What is needed: Keep every word of the entries and print them exactly; the pictures stay out.

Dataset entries

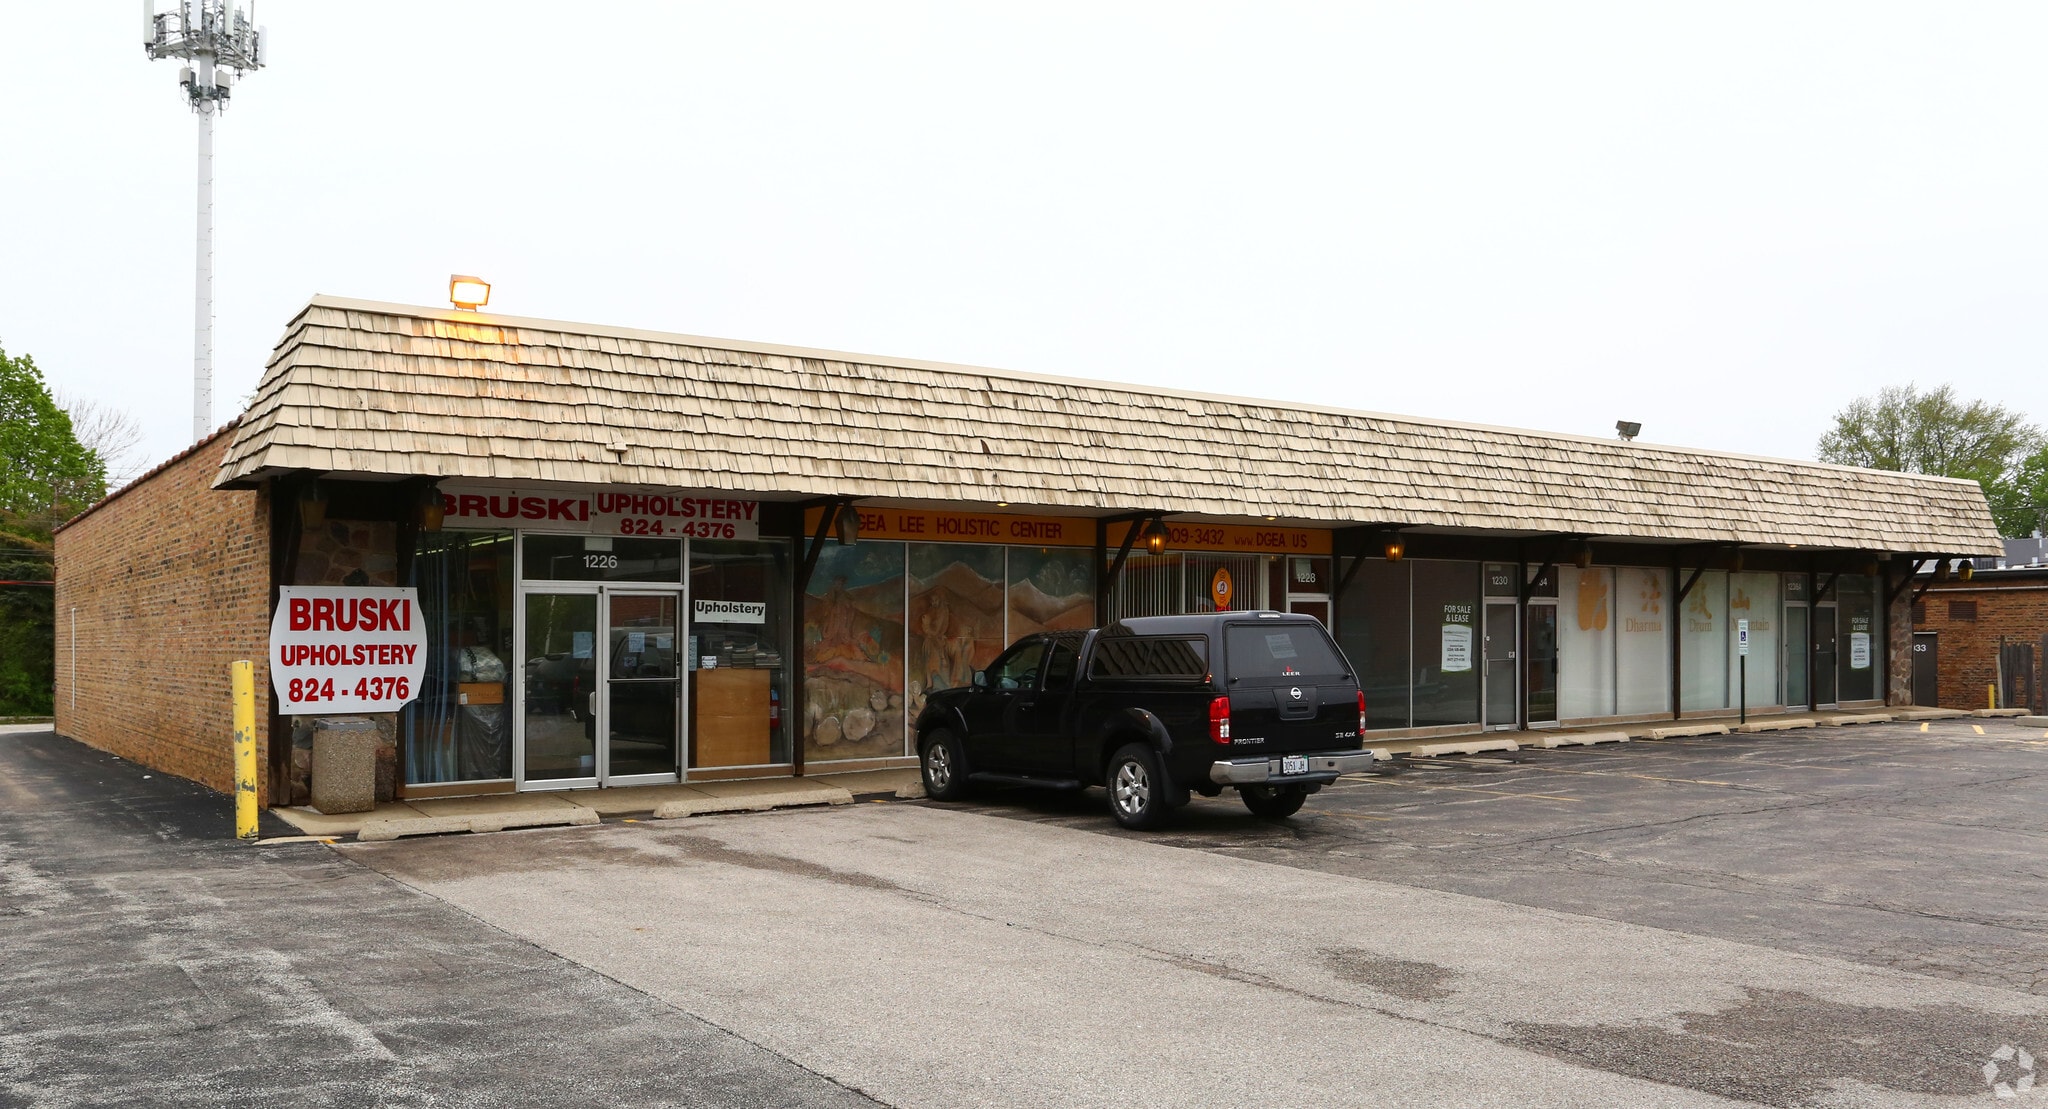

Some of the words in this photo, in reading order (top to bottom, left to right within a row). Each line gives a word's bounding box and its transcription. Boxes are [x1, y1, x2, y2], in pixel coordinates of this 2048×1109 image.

[443, 493, 590, 521] BRUSKI
[597, 492, 757, 520] UPHOLSTERY
[620, 518, 664, 535] 824
[682, 521, 735, 538] 4376
[858, 513, 887, 532] GEA
[899, 515, 925, 533] LEE
[936, 518, 1000, 536] HOLISTIC
[1010, 521, 1062, 539] CENTER
[583, 554, 618, 568] 1226
[1296, 572, 1316, 583] 1228
[1492, 576, 1508, 585] 1230
[289, 598, 411, 632] BRUSKI
[696, 601, 765, 616] Upholstery
[1444, 605, 1456, 613] FOR
[1457, 605, 1471, 614] SALE
[1446, 614, 1451, 622] &
[1452, 614, 1469, 623] LEASE
[1626, 617, 1662, 633] Dharma
[1689, 618, 1712, 632] Drum
[281, 644, 417, 667] UPHOLSTERY
[288, 678, 335, 702] 824
[354, 676, 409, 700] 4376

Response below:
Some of the words in this photo, in reading order (top to bottom, left to right within a row). Each line gives a word's bounding box and its transcription. Boxes are [x1, y1, x2, y2], in pixel coordinates of this 2048×1109 image.

[443, 493, 590, 521] BRUSKI
[597, 492, 757, 520] UPHOLSTERY
[620, 518, 664, 535] 824
[682, 521, 735, 538] 4376
[858, 513, 887, 532] GEA
[899, 515, 925, 533] LEE
[936, 518, 1000, 536] HOLISTIC
[1010, 521, 1062, 539] CENTER
[583, 554, 618, 568] 1226
[1296, 572, 1316, 583] 1228
[1492, 576, 1508, 585] 1230
[289, 598, 411, 632] BRUSKI
[696, 601, 765, 616] Upholstery
[1444, 605, 1456, 613] FOR
[1457, 605, 1471, 614] SALE
[1446, 614, 1451, 622] &
[1452, 614, 1469, 623] LEASE
[1626, 617, 1662, 633] Dharma
[1689, 618, 1712, 632] Drum
[281, 644, 417, 667] UPHOLSTERY
[288, 678, 335, 702] 824
[354, 676, 409, 700] 4376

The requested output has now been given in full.